Thats awesome guys. Congrats on a great hunt and thanks for sharing the pics...(Damn am i jealous!!!)

I guess at 27 i fall in the young guns category as that wouldnt have bothered me one bit...Whattever it takes right!!! I tell my Dad about where we should go and what we should take and he looks at me like :16suspect...Thats a 61 year olds perspective though!!!:lol::lol::lol:....It doesnt matter how far it is or how hard you have to work for it cause its all worth it in the end to me!


----------



## StackemHigh (Oct 9, 2008)

Never seen so many decoys in one spread anywhere. Holy crap.Congrats on the sucsessful hunt.


----------



## T.J. (Mar 1, 2009)

10 ring said:


> That looks like a lot of work but you did get some birds.

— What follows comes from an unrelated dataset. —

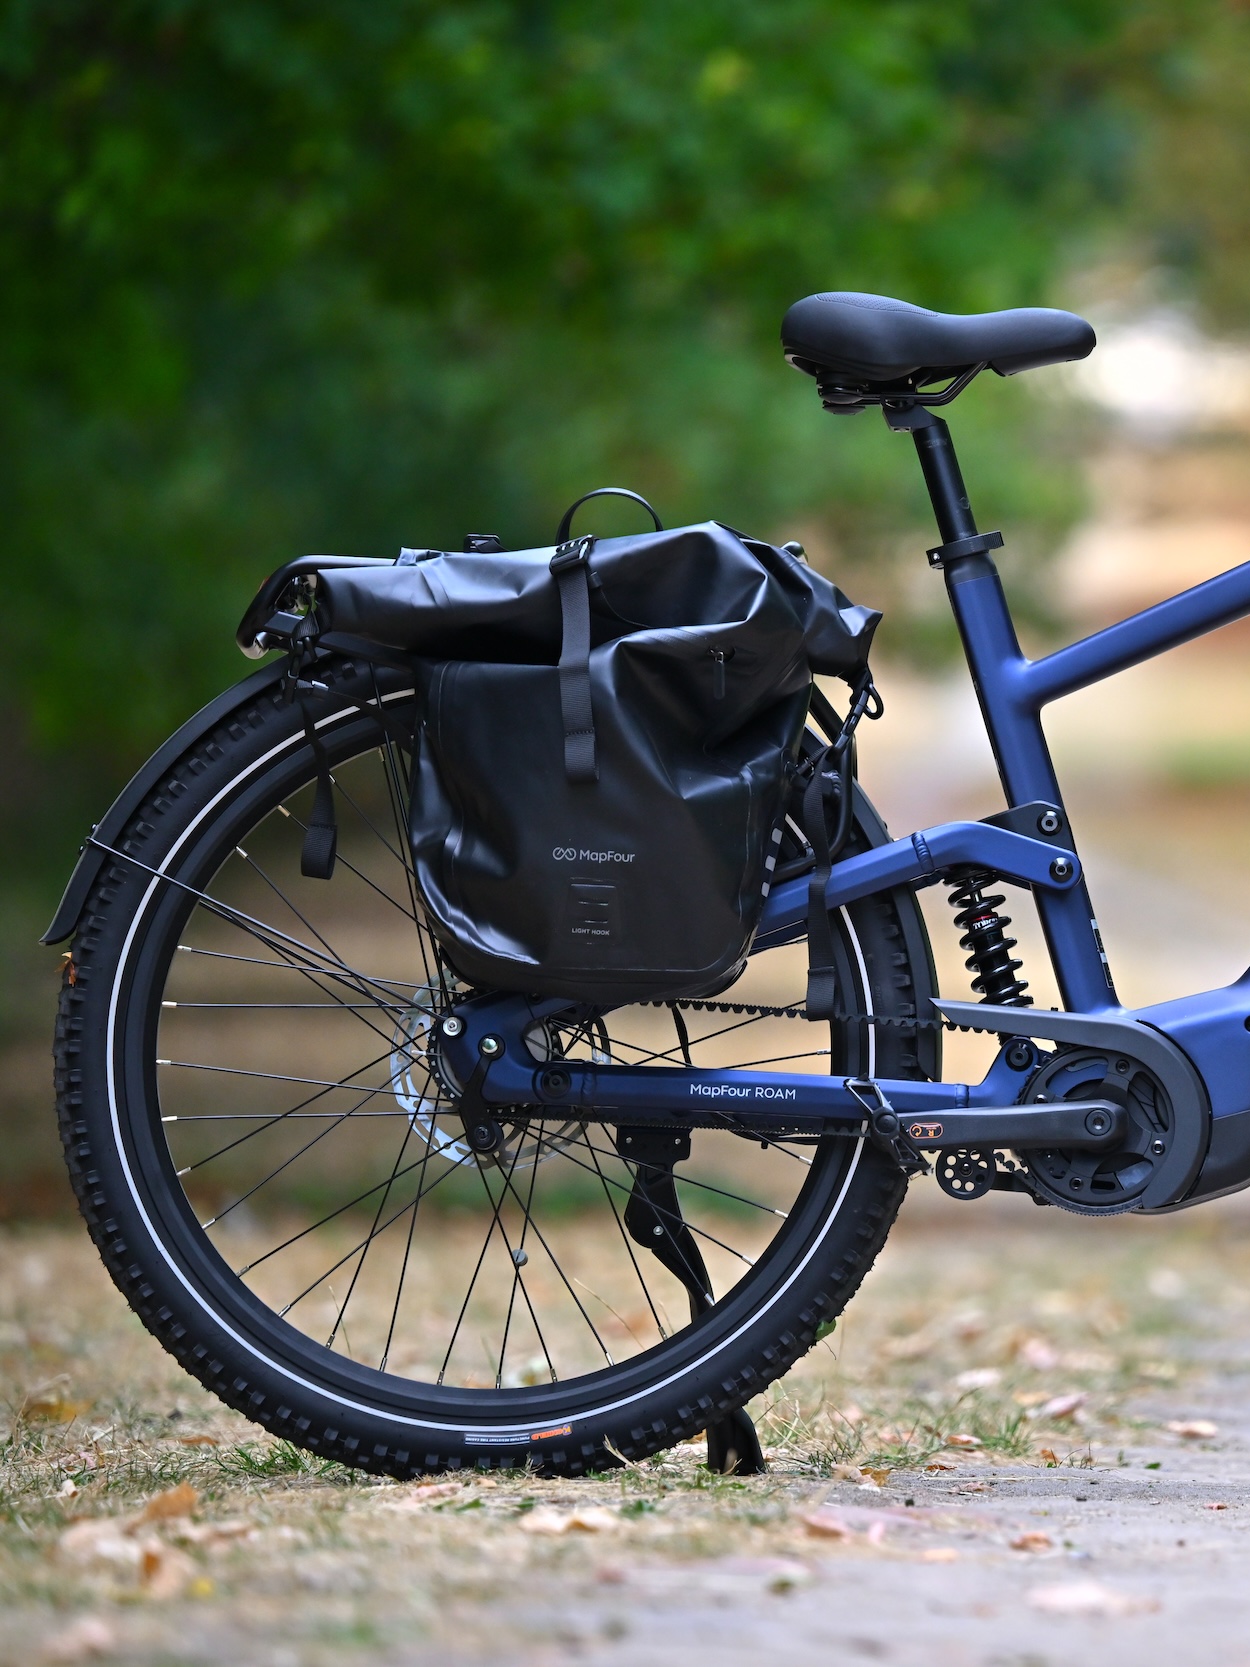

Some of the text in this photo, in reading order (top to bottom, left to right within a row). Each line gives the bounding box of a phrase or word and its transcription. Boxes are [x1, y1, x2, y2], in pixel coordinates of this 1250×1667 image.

[579, 849, 635, 863] MapFour
[689, 1083, 796, 1100] MapFour ROAM
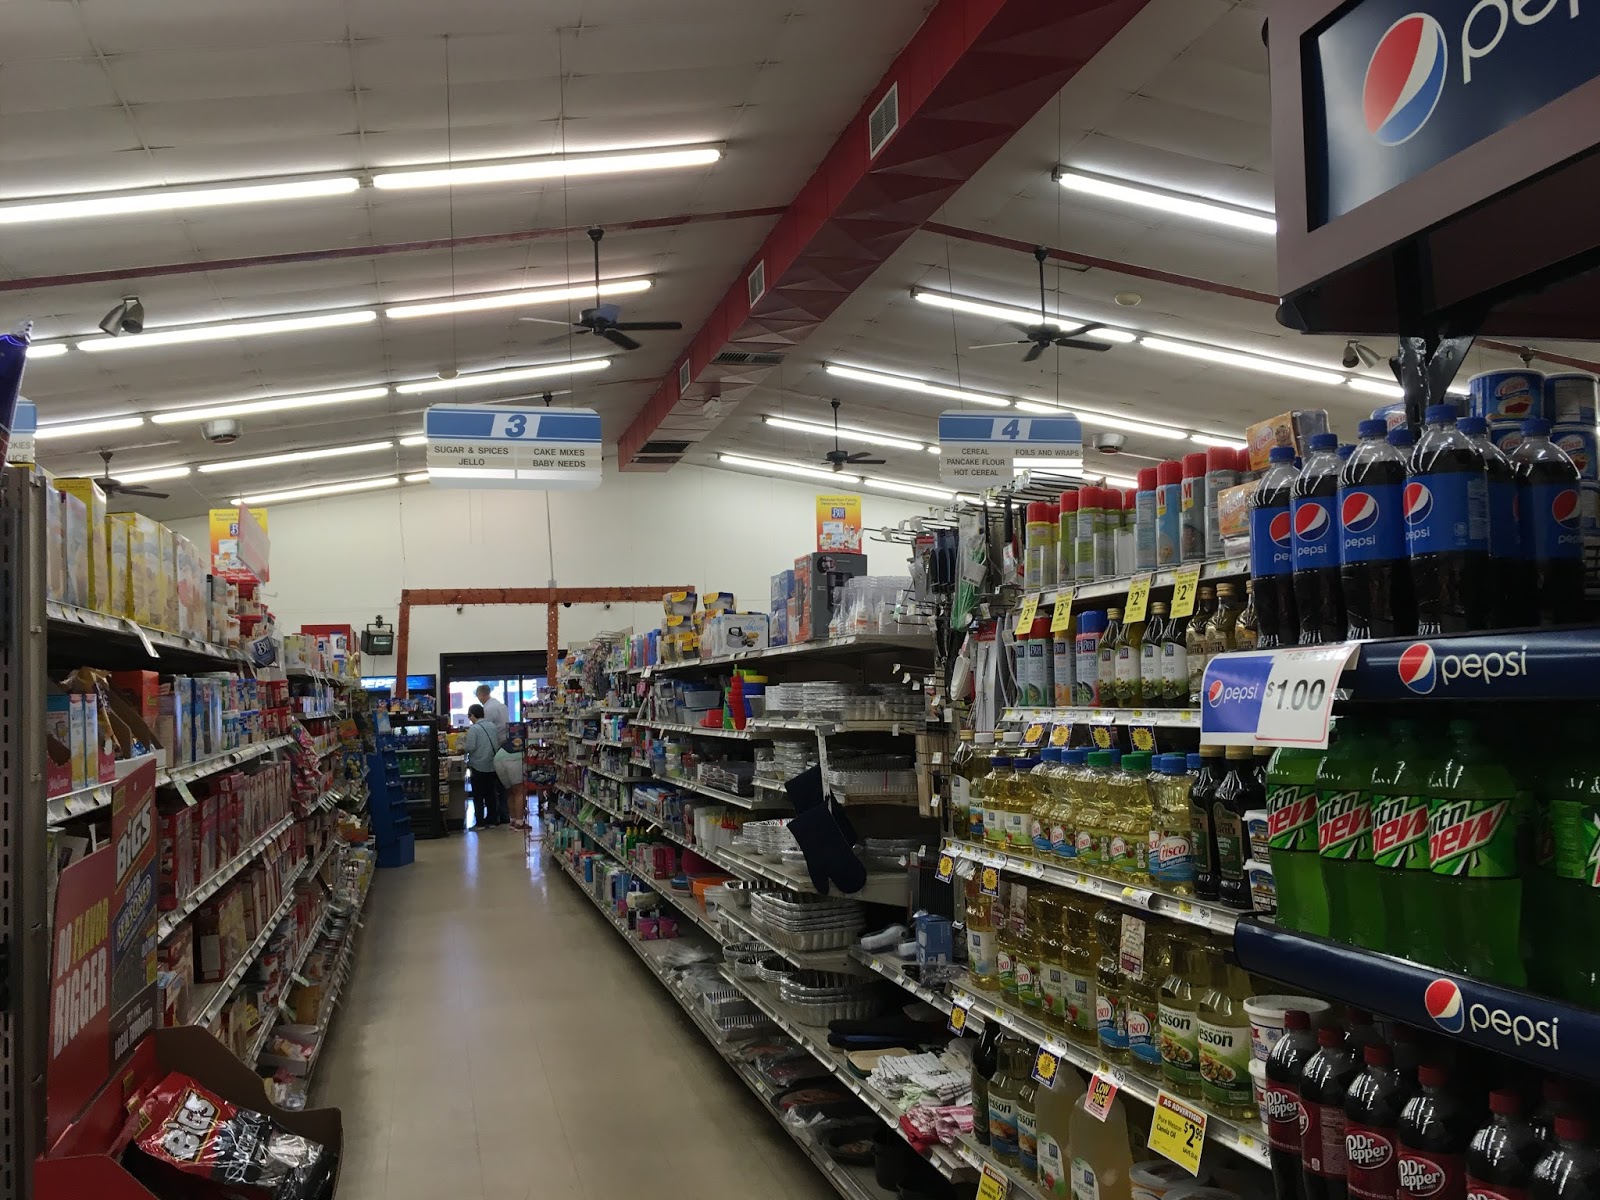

How does a spread that big work. I see no hole for them to land in and the lay out boats are at one end. If the ducks land on the other side of that big spread isn't that a long shot or don't the pics do it justice. Just courious, I have never lay out hunted before but may soon.


divers land on top of each other thir realy is no nead for a hole. they fly threw the spread and try to land a quarter to half way threw the spread. from the lay out to the first decoy is about 40 yards they are about 15-20 yards on average when we shoot. we had read heads try landing right on top of us.


----------



## T.J. (Mar 1, 2009)

here is one of three boats we had. i had a 14 48 full and Dustin had a 19 foot boat half full.







this boat is a 17 footer.


----------



## LoBrass (Oct 16, 2007)

Ahhhhh, to be young again!!!!:lol::lol::lol:






I'll say it again, I bet you had fun!!


----------



## HunterHawk (Dec 8, 2005)

Now thats cool!

congrats guys!


----------



## bowhuntordie (Mar 24, 2007)

WOW!!! looks like the spreads i throw out...in my dreams :lol:...very impressive! nothing better to pump u up for the start of the season than seeing something like that. great job!


----------



## reese440 (Feb 11, 2008)

where you were off to when I drove by the shop on Friday and saw the rig loaded to the brim with decoys. I thought dropping $900 on new decoys at Cabelas a few weeks ago when I was downstate was insane, but those pictures do nothing but prove to me even more how crazy you are. You should set that spread out in front of Lonesome Point some night in the next month or so before I get laid off--been seeing more and more birds working across the big lake as I look out over the water during the course of my day when I'm in town. By the way yer damn pigeons keep coming down to the boat launch every night when I'm in town working--one of these nights I'm going to bring the wristrocket with me and try to pick them off when they come in for their drink and bath. I'll drop them off at the house if I get any.


----------



## limige (Sep 2, 2005)

holy cow guys!

i thought for sure you snapped that pic after a huge flock landed in you decoys and you were bagged out.... 
i can't belive anyone has that many decoys much less puts them all out! lol

one thing i can say, now is the time to do it, when its 40 degrees, blowing and raining it is no fun dealing with half that many dekes.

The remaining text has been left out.